** Provided records follows **

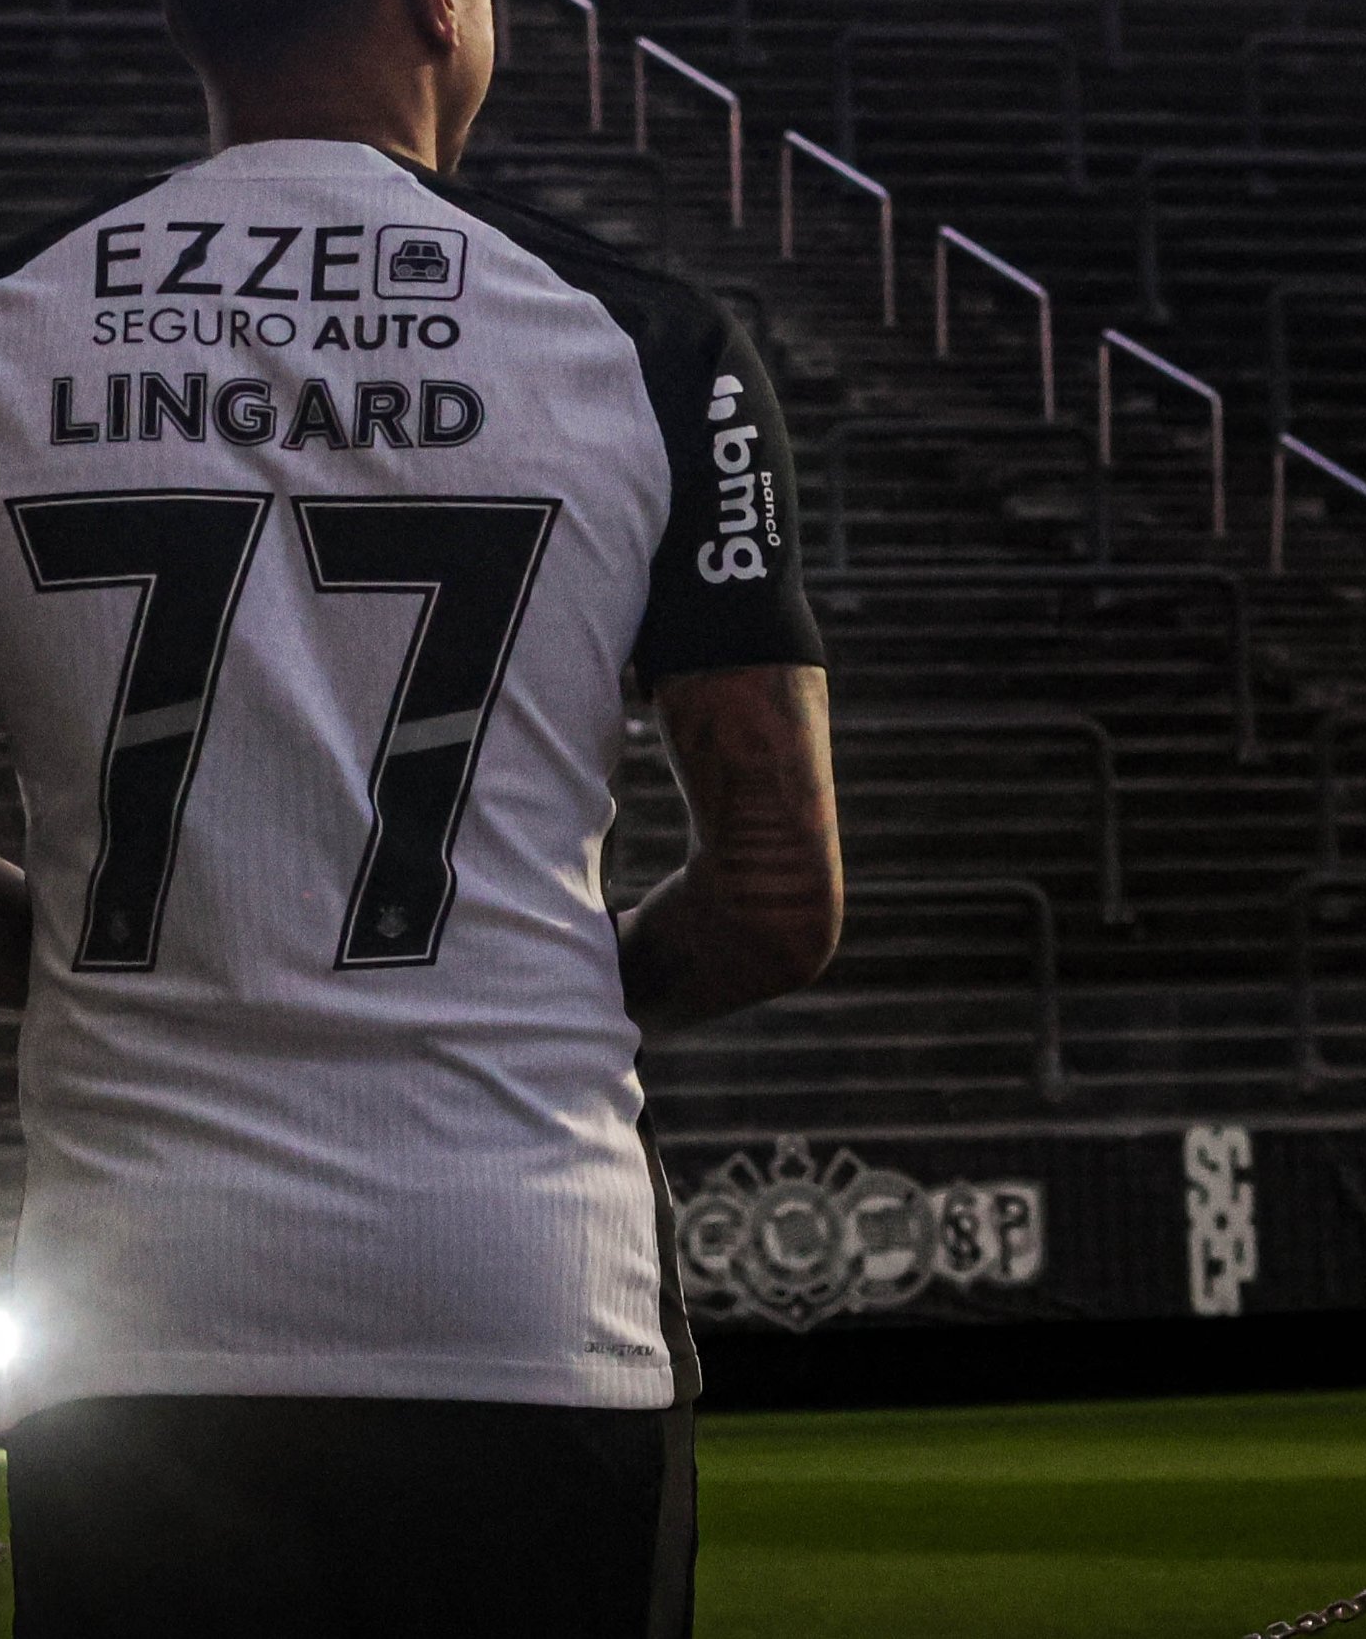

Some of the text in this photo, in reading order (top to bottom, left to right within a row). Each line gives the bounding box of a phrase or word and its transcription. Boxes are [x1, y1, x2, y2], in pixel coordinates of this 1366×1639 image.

[95, 223, 365, 301] EZZE
[93, 308, 461, 350] SEGURO AUTO
[50, 372, 485, 450] LINGARD
[697, 424, 768, 584] bmg
[760, 471, 781, 547] banco
[4, 488, 562, 972] 77

** End of Provided records **

### Exercise requirements
Retype the data above exactly, dropping every picture.

### Answer for the task
Some of the text in this photo, in reading order (top to bottom, left to right within a row). Each line gives the bounding box of a phrase or word and its transcription. Boxes are [x1, y1, x2, y2], in pixel coordinates of this 1366×1639 image.

[95, 223, 365, 301] EZZE
[93, 308, 461, 350] SEGURO AUTO
[50, 372, 485, 450] LINGARD
[697, 424, 768, 584] bmg
[760, 471, 781, 547] banco
[4, 488, 562, 972] 77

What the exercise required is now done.